Steve Munby, chief executive of the National College for School Leadership (NCSL), is the man charged with helping directors of children's services through these troubled times.
At the end of last year, he was asked to lead a new training programme for directors of children's services (DCSs), as part of the government's 2020 Children and Young People's Workforce Strategy.
Training starts in September, so Munby has a busy few months ahead. So far he's conducted 20 phone interviews with DCSs. More are in the pipeline and he plans to shadow several DCSs before the programme kicks off.
He's been asking them questions like "do you enjoy your job?" and "what should the programme do?".
Their answers are helping to shape his plans. "What's so interesting about my conversations is that they really vary. Some DCSs are confident about the political side of their job, such as dealing with councillors, others are brilliant at dealing with head teachers," he says.
A tailor-made programme
For this reason, the programme will be tailor-made for every DCS. Sceptics may question whether training can really address the complex issues that DCSs face on a daily basis. But Munby is eager to emphasise that the scheme is more than just a course. "We're talking about mentoring, coaching, it's about a different way of working," he says.
DCSs will be tested before enrolling on the programme to assess where their strengths and weaknesses lie. That way, Munby and his team will be able to plan each leader's development.
One idea is that experienced DCSs should mentor their less experienced counterparts.
"On the phone DCSs have been saying that they would have appreciated having a mentor in their first or second year of the job. We're going to try to address that," he says.
Mentoring and coaching
Mentoring will be at the heart of the scheme, Munby says, and not just for new DCSs.
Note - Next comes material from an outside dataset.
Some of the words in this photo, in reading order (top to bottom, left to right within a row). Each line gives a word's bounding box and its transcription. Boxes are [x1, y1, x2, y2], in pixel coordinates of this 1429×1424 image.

The programme will go on for at least a year, with a mix of mentoring, coaching and on-the-job learning.
But in this age of integrated services, what makes an agency that specialises in school leadership so apt to lead the programme?
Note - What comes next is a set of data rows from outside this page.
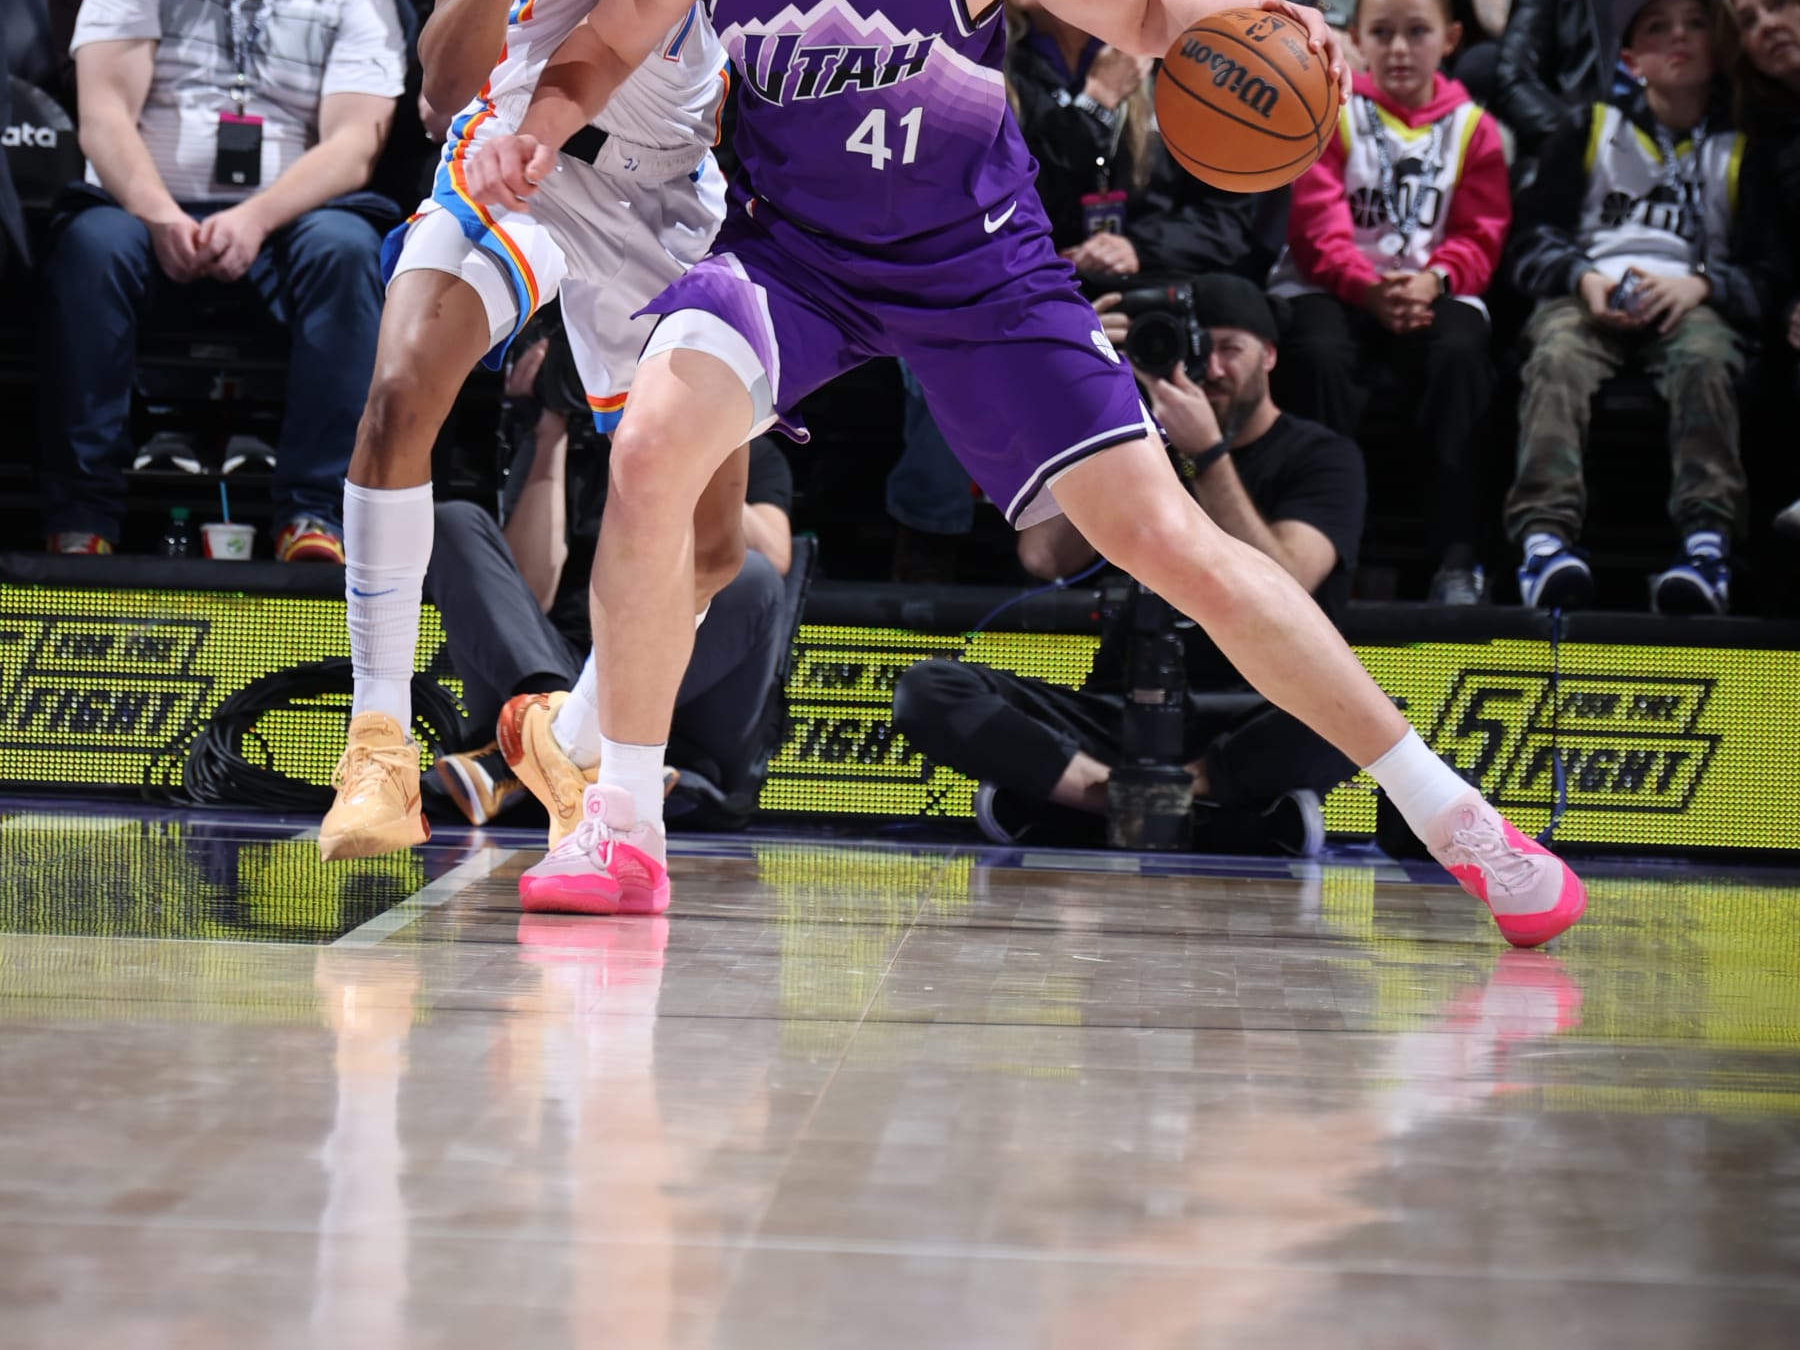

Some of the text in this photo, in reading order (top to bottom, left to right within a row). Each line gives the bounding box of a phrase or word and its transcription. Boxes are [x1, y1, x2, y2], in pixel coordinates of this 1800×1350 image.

[741, 33, 943, 107] UTAH
[1180, 38, 1280, 119] Wilson
[846, 106, 923, 170] 41
[18, 688, 182, 734] FIGHT
[1442, 687, 1524, 784] 5
[1519, 746, 1690, 795] FIGHT
Munby admits that his background in education cannot possibly reflect the wide remit of modern children's services.
But he's clear that DCSs themselves will define the programme's content. Plus, the Association of Directors of Children's Services and the Children's Workforce Development Council are helping to develop the scheme. "This is not NCSL saying we're the experts," he says.
Munby explains that the college's priorities are partnership working and the "moral purpose" of better outcomes for children.
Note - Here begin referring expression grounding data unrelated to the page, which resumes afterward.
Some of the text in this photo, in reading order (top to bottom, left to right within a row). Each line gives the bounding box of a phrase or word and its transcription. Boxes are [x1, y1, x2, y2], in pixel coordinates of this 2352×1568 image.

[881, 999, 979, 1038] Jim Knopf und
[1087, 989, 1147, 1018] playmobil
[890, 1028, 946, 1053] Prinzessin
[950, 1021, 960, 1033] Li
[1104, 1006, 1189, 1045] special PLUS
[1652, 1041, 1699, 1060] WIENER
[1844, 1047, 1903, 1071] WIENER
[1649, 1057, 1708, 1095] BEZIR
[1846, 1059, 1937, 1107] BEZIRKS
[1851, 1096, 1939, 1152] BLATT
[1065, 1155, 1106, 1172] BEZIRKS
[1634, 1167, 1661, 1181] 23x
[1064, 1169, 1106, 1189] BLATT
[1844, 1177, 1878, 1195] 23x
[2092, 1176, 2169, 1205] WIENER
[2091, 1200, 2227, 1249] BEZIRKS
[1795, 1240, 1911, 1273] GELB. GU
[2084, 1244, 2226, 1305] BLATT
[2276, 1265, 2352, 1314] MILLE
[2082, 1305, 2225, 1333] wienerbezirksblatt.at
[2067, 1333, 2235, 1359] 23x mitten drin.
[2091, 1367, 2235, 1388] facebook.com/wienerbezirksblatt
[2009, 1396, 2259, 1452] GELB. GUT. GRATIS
The NCSL is also opposed to the so-called one-size-fits-all approach. "We tend to go for local solutions rather than national, because we think context really matters," he says. He believes this ethos applies easily to the whole of children's services, not just education.
But regardless of NCSL's experience, the year ahead will be challenging, not least because of Lord Laming's report into the failures at Haringey.
So how will the leadership programme respond to the current focus on safeguarding?
Munby describes Laming's report as evidence, and says he'll take it into consideration much like any other relevant report or research. "It will be just one of the things we look at," he explains.
His aim is to make the role of the DCS the most sought after job in the sector. And for now at least, he thinks things bode well: "What's great is that of the DCSs I've spoken to so far, nearly all of them said they love their job."
LEADERSHIP TRAINING - DETAILS OF THE PROGRAMME
- The leadership programme for directors of children's services (DCSs) was announced in December 2008, as part of the government's 2020 Children and Young People's Workforce Strategy
- The National College for School Leadership leads the programme, with support from the Association of Directors of Children's Services and the Children's Workforce Development Council
- While the cost of the programme is still under negotiation, training for the first 24 DCSs will start in September. It will be tailored to individual needs and is likely to include mentoring by more experienced directors.